Work to complete → Could you give the entries again, exactly as written?

Data excerpts →
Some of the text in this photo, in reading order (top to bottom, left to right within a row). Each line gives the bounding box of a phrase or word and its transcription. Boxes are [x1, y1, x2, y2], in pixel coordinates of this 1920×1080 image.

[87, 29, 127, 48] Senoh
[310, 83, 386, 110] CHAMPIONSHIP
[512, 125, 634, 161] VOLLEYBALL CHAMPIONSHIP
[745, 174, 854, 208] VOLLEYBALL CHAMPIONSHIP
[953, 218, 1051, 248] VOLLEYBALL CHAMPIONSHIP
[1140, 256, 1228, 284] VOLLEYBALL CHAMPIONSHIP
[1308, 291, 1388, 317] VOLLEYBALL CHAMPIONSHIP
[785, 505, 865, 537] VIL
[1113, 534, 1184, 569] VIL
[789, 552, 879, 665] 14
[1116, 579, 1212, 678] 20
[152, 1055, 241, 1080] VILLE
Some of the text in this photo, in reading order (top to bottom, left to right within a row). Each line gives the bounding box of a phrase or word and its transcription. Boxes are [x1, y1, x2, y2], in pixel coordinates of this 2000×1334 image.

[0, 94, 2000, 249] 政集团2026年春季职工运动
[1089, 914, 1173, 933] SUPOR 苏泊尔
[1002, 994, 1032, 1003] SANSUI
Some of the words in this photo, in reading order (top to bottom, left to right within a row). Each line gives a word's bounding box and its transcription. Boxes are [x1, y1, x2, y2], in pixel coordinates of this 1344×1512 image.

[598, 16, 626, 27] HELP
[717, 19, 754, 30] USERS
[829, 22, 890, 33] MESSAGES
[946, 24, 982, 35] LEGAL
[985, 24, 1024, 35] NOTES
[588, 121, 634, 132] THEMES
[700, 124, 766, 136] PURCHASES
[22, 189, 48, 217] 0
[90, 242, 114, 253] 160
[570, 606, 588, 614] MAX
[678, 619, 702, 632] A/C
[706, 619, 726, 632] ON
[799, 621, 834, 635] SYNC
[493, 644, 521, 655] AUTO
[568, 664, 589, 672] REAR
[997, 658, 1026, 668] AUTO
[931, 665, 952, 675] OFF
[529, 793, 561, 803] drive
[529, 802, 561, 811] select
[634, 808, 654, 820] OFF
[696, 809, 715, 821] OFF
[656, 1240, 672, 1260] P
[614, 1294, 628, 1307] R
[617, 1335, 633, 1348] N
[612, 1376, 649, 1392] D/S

Exercise response →
Some of the text in this photo, in reading order (top to bottom, left to right within a row). Each line gives the bounding box of a phrase or word and its transcription. Boxes are [x1, y1, x2, y2], in pixel coordinates of this 1920×1080 image.

[87, 29, 127, 48] Senoh
[310, 83, 386, 110] CHAMPIONSHIP
[512, 125, 634, 161] VOLLEYBALL CHAMPIONSHIP
[745, 174, 854, 208] VOLLEYBALL CHAMPIONSHIP
[953, 218, 1051, 248] VOLLEYBALL CHAMPIONSHIP
[1140, 256, 1228, 284] VOLLEYBALL CHAMPIONSHIP
[1308, 291, 1388, 317] VOLLEYBALL CHAMPIONSHIP
[785, 505, 865, 537] VIL
[1113, 534, 1184, 569] VIL
[789, 552, 879, 665] 14
[1116, 579, 1212, 678] 20
[152, 1055, 241, 1080] VILLE
Some of the text in this photo, in reading order (top to bottom, left to right within a row). Each line gives the bounding box of a phrase or word and its transcription. Boxes are [x1, y1, x2, y2], in pixel coordinates of this 2000×1334 image.

[0, 94, 2000, 249] 政集团2026年春季职工运动
[1089, 914, 1173, 933] SUPOR 苏泊尔
[1002, 994, 1032, 1003] SANSUI
Some of the words in this photo, in reading order (top to bottom, left to right within a row). Each line gives a word's bounding box and its transcription. Boxes are [x1, y1, x2, y2], in pixel coordinates of this 1344×1512 image.

[598, 16, 626, 27] HELP
[717, 19, 754, 30] USERS
[829, 22, 890, 33] MESSAGES
[946, 24, 982, 35] LEGAL
[985, 24, 1024, 35] NOTES
[588, 121, 634, 132] THEMES
[700, 124, 766, 136] PURCHASES
[22, 189, 48, 217] 0
[90, 242, 114, 253] 160
[570, 606, 588, 614] MAX
[678, 619, 702, 632] A/C
[706, 619, 726, 632] ON
[799, 621, 834, 635] SYNC
[493, 644, 521, 655] AUTO
[568, 664, 589, 672] REAR
[997, 658, 1026, 668] AUTO
[931, 665, 952, 675] OFF
[529, 793, 561, 803] drive
[529, 802, 561, 811] select
[634, 808, 654, 820] OFF
[696, 809, 715, 821] OFF
[656, 1240, 672, 1260] P
[614, 1294, 628, 1307] R
[617, 1335, 633, 1348] N
[612, 1376, 649, 1392] D/S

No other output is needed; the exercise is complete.